Immediately after Missouri passed its ban, Planned Parenthood filed suit in federal court, claiming that the law was unconstitutional, and U.S. District Court Judge Scott Wright delayed enactment of the law. This is not the first time such a judicial appeal has succeeded; the courts have struck down similar laws in Arkansas, Iowa, and Nebraska. When an appeals court upheld Illinois' version, Janet Benshoof of the pro-abortion Center for Reproductive Law and Policy lamented, "This decision creates a constitutional crisis which will probably go to the Supreme Court." Actually, the Supreme Court created a constitutional crisis in the 1973 Roe v. Wade decision when it invented a "right" to privacy out of whole cloth, citing "penumbras and emanations" of the Constitution. With this decision, our system of self-governance and elected legislatures gave way to the power of the imperial federal judiciary.

Yet when the U.S. House of Representatives passed a bill limiting assisted suicide, the anti-life forces suddenly became populists and states-rights advocates. An amendment to the Controlled Substances Act, the bill banned the use of federally regulated drugs in physician-assisted suicide.

The amendment, the critics argue, was an illegitimate attack by the federal government on Oregon's Death With Dignity Act, which passed the state legislature with the support of 60 percent of Oregonians support.
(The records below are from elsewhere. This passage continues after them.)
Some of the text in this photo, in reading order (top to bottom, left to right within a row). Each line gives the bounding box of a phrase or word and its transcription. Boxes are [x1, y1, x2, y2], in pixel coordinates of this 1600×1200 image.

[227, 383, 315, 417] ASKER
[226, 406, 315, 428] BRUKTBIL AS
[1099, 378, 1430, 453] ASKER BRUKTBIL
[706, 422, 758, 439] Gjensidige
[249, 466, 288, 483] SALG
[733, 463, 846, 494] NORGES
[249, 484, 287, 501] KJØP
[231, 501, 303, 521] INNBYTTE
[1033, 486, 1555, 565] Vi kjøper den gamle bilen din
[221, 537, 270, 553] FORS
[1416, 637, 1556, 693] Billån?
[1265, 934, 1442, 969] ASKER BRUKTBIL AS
Officials in Oregon are now mulling legal action to block it.

The officials' response displayed a rare blend of hypocrisy and error. Not only did they rush to federal court to overrule adverse state legislative actions in Illinois and Missouri, but they also had no case against Congress in Oregon. Although Oregon attorney general David Schuman said that the amendment "will nullify Oregon's Death With Dignity Act," it clearly will do no such thing.

The Congressional bill only targeted federally regulated medications, and such an action falls within the scope of the accepted interpretation of the "necessary and proper" clause of Article I of the Constitution. Assisted suicide remains legal in Oregon, but means other than federally controlled drugs must be used. While this outcome is not ideal for pro-life Congressmen who desire an outright ban, they restricted themselves to the authority of the Constitution. Their opponents, on the other hand, do not respect American constitutional government—they only manipulate it to achieve their ends. When the laws passed suit their interests, they cheer the virtues of self-government, but when the laws oppose their cause, they run to an elected judiciary.
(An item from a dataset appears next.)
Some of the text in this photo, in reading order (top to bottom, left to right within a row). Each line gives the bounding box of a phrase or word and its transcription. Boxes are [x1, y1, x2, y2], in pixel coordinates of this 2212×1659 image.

It is now very likely that the Supreme Court will hear an appeal of one of the state partial birth abortion laws. Should the laws be upheld, the pro-abortion side's legal escape hatch will be sealed. In that case, pro-abortionists will have to convince the country at large that infanticide is right and that suffering people should be abandoned to their despair rather than comforted in their pain—and that will be a tough sell.